● THE TASK
Here the job is to transcribe the data exactly while omitting the images.

Phrase grounding data:
BEGIN

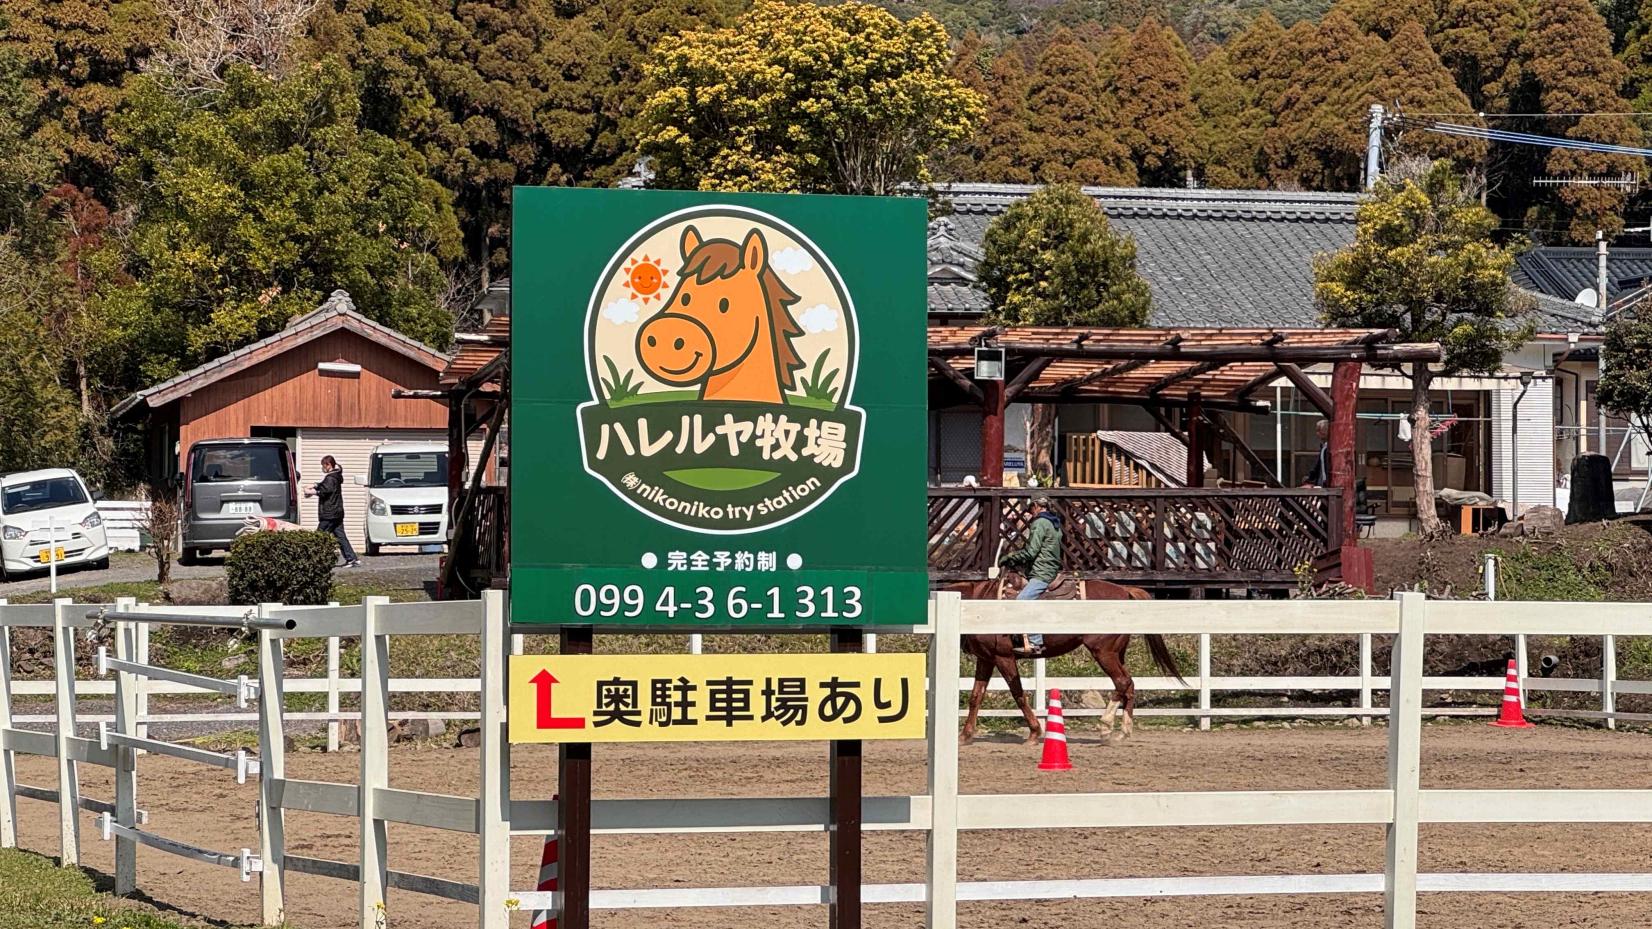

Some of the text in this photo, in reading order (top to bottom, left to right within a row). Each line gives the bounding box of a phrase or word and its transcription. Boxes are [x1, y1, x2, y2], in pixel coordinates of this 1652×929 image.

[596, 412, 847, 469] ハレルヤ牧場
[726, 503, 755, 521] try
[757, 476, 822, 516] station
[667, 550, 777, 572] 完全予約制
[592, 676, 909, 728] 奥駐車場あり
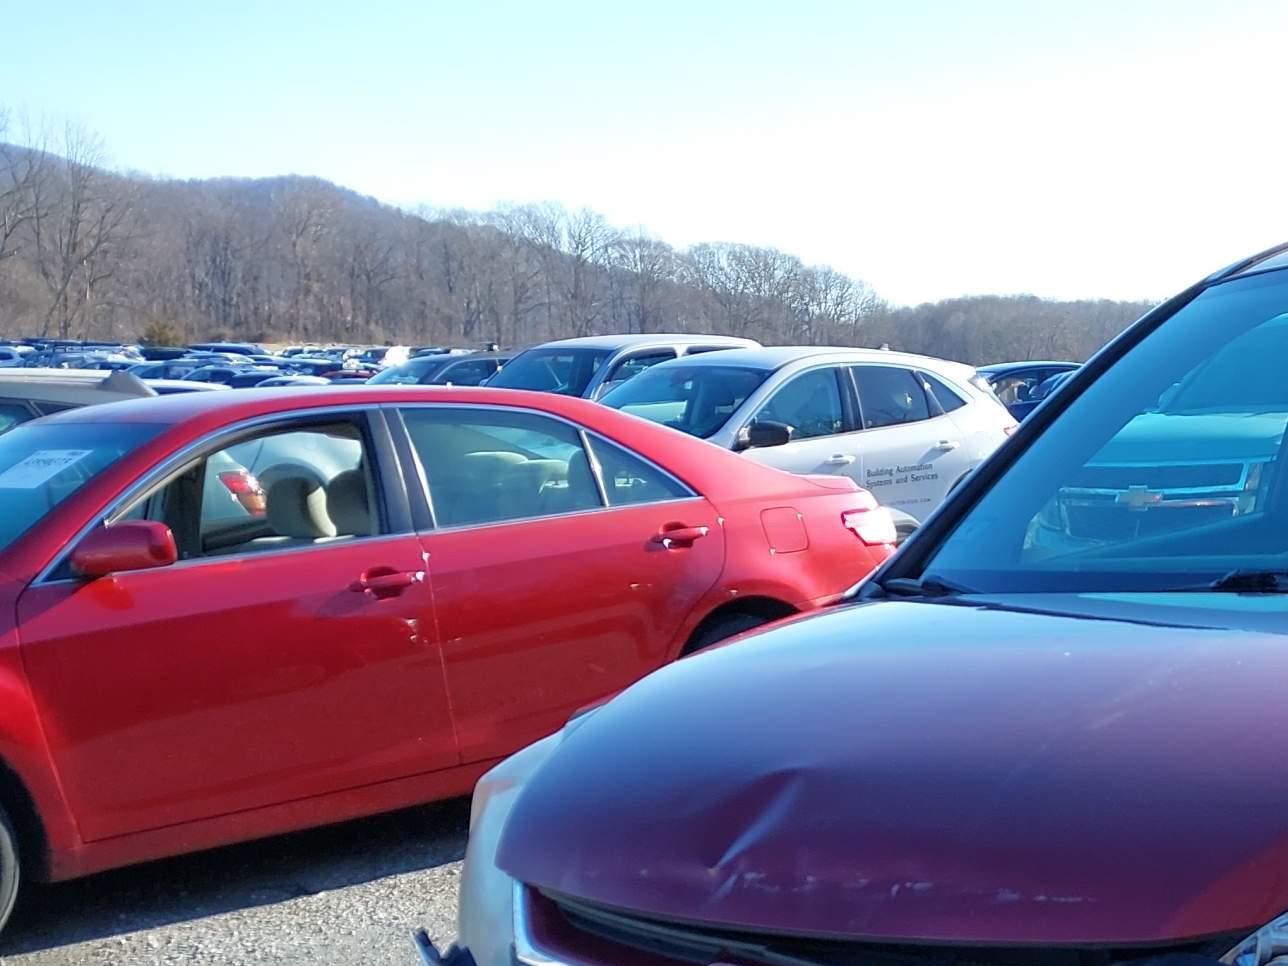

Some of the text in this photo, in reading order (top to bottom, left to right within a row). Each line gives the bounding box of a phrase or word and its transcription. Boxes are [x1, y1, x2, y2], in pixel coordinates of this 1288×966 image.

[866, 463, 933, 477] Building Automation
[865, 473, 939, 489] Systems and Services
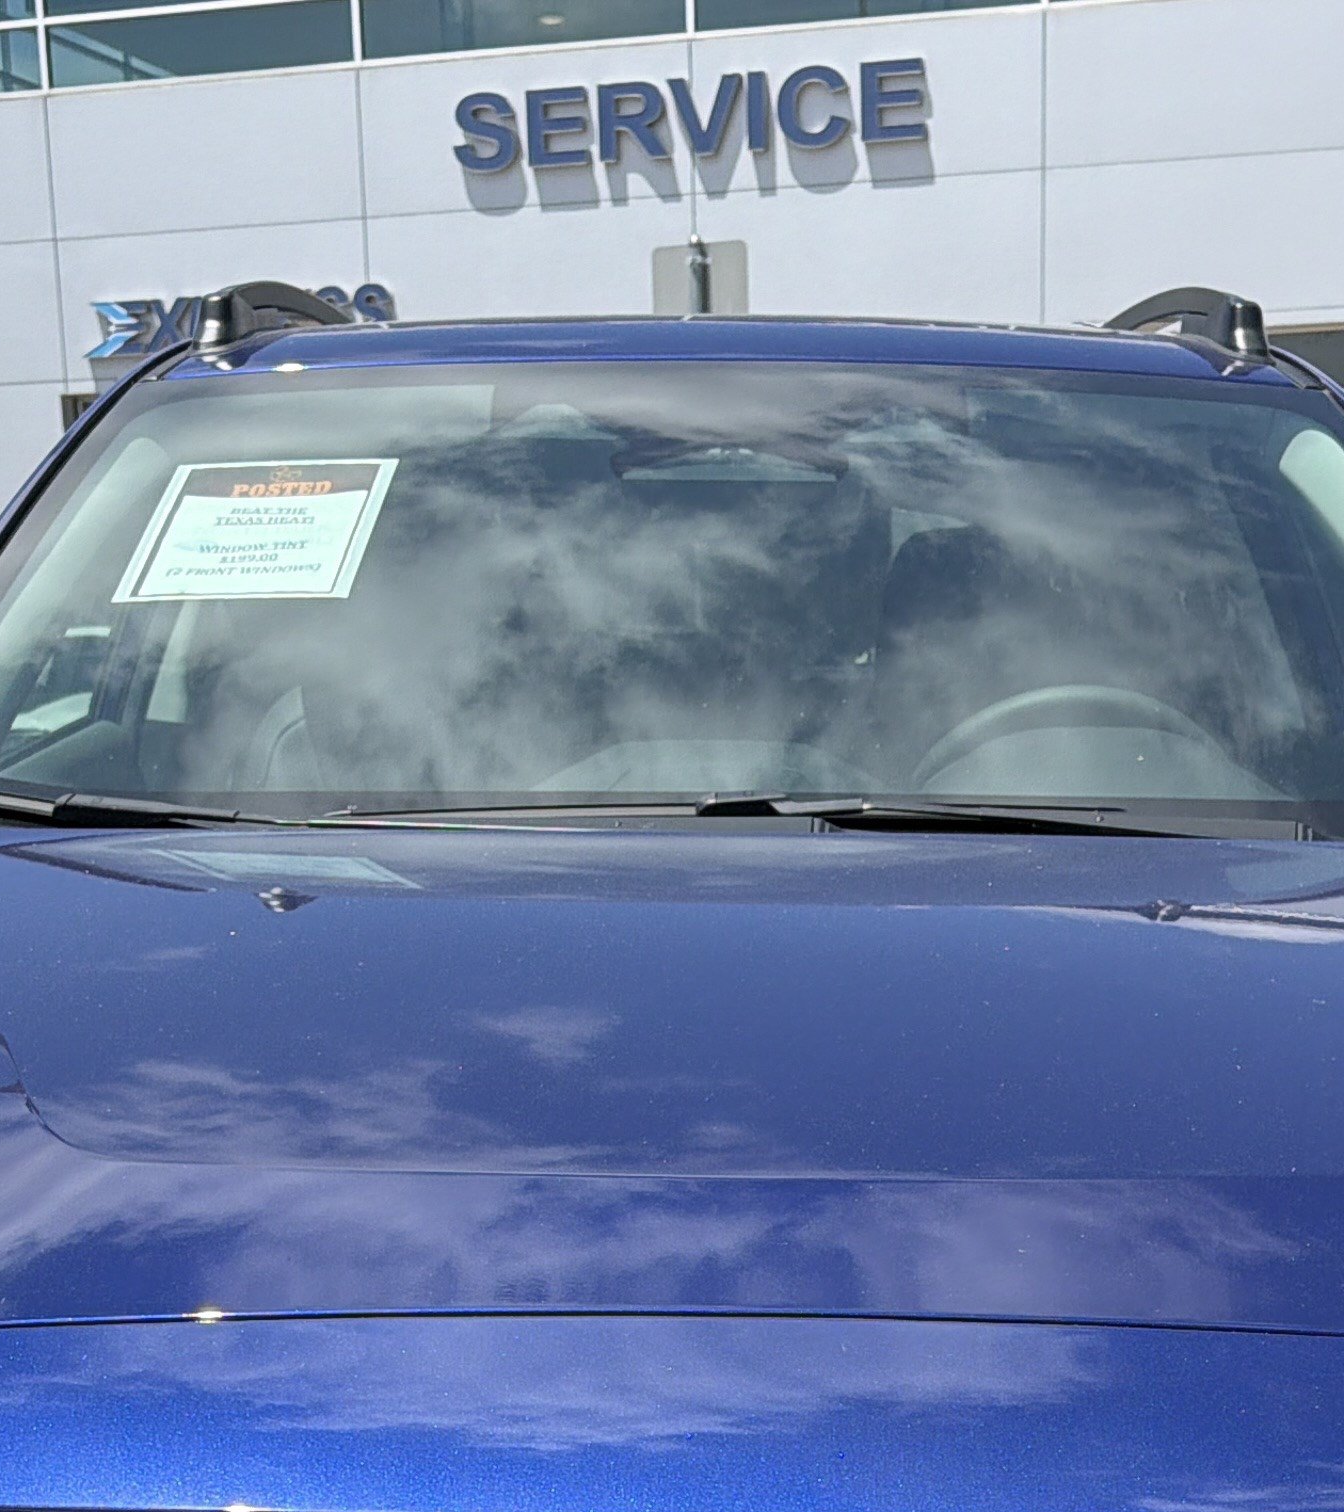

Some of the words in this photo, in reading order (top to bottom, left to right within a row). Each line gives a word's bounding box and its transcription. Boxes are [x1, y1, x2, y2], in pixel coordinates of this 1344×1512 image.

END

● SOLUTION
Some of the text in this photo, in reading order (top to bottom, left to right within a row). Each line gives the bounding box of a phrase or word and its transcription. Boxes are [x1, y1, x2, y2], in pixel coordinates of this 1652×929 image.

[596, 412, 847, 469] ハレルヤ牧場
[726, 503, 755, 521] try
[757, 476, 822, 516] station
[667, 550, 777, 572] 完全予約制
[592, 676, 909, 728] 奥駐車場あり

Some of the text in this photo, in reading order (top to bottom, left to right within a row). Each line gives the bounding box of a phrase or word and its transcription. Boxes are [x1, y1, x2, y2], in pixel coordinates of this 1288×966 image.

[866, 463, 933, 477] Building Automation
[865, 473, 939, 489] Systems and Services

Some of the words in this photo, in reading order (top to bottom, left to right within a row). Each line gives a word's bounding box and its transcription. Boxes are [x1, y1, x2, y2], in pixel coordinates of this 1344×1512 image.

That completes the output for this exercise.